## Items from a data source
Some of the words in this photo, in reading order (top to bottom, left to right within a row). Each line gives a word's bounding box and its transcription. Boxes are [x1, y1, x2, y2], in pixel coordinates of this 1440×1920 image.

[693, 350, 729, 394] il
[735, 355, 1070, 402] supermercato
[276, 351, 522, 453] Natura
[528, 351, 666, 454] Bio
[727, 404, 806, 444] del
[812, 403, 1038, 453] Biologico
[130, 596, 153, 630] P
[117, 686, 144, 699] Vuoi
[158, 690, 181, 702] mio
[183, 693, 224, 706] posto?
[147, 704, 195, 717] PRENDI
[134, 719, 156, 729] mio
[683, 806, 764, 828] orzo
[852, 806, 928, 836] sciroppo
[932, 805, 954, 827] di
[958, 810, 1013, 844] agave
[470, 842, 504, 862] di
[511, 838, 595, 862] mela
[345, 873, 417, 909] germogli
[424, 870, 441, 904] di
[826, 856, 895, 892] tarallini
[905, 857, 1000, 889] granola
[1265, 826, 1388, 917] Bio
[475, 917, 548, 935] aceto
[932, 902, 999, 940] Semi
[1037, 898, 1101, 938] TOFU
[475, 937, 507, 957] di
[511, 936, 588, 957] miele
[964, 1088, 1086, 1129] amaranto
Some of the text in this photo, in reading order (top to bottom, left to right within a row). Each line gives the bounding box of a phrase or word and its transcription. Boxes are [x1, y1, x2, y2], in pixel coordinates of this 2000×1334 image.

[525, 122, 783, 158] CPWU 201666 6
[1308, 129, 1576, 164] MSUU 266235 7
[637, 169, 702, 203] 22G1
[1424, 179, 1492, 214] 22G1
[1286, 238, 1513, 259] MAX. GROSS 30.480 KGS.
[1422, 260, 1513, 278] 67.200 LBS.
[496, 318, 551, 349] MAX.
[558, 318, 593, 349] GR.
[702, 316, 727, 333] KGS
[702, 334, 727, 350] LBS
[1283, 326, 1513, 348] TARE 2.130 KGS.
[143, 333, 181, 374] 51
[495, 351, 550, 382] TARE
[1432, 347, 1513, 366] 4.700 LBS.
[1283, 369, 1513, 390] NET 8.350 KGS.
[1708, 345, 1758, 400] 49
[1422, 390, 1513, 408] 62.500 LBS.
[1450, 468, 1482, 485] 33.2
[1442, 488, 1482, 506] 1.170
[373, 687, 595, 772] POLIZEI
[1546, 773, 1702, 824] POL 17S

## PROBLEM
All of the entries must be given again, word for word.

## ANSWER SPACE
Some of the words in this photo, in reading order (top to bottom, left to right within a row). Each line gives a word's bounding box and its transcription. Boxes are [x1, y1, x2, y2], in pixel coordinates of this 1440×1920 image.

[693, 350, 729, 394] il
[735, 355, 1070, 402] supermercato
[276, 351, 522, 453] Natura
[528, 351, 666, 454] Bio
[727, 404, 806, 444] del
[812, 403, 1038, 453] Biologico
[130, 596, 153, 630] P
[117, 686, 144, 699] Vuoi
[158, 690, 181, 702] mio
[183, 693, 224, 706] posto?
[147, 704, 195, 717] PRENDI
[134, 719, 156, 729] mio
[683, 806, 764, 828] orzo
[852, 806, 928, 836] sciroppo
[932, 805, 954, 827] di
[958, 810, 1013, 844] agave
[470, 842, 504, 862] di
[511, 838, 595, 862] mela
[345, 873, 417, 909] germogli
[424, 870, 441, 904] di
[826, 856, 895, 892] tarallini
[905, 857, 1000, 889] granola
[1265, 826, 1388, 917] Bio
[475, 917, 548, 935] aceto
[932, 902, 999, 940] Semi
[1037, 898, 1101, 938] TOFU
[475, 937, 507, 957] di
[511, 936, 588, 957] miele
[964, 1088, 1086, 1129] amaranto
Some of the text in this photo, in reading order (top to bottom, left to right within a row). Each line gives the bounding box of a phrase or word and its transcription. Boxes are [x1, y1, x2, y2], in pixel coordinates of this 2000×1334 image.

[525, 122, 783, 158] CPWU 201666 6
[1308, 129, 1576, 164] MSUU 266235 7
[637, 169, 702, 203] 22G1
[1424, 179, 1492, 214] 22G1
[1286, 238, 1513, 259] MAX. GROSS 30.480 KGS.
[1422, 260, 1513, 278] 67.200 LBS.
[496, 318, 551, 349] MAX.
[558, 318, 593, 349] GR.
[702, 316, 727, 333] KGS
[702, 334, 727, 350] LBS
[1283, 326, 1513, 348] TARE 2.130 KGS.
[143, 333, 181, 374] 51
[495, 351, 550, 382] TARE
[1432, 347, 1513, 366] 4.700 LBS.
[1283, 369, 1513, 390] NET 8.350 KGS.
[1708, 345, 1758, 400] 49
[1422, 390, 1513, 408] 62.500 LBS.
[1450, 468, 1482, 485] 33.2
[1442, 488, 1482, 506] 1.170
[373, 687, 595, 772] POLIZEI
[1546, 773, 1702, 824] POL 17S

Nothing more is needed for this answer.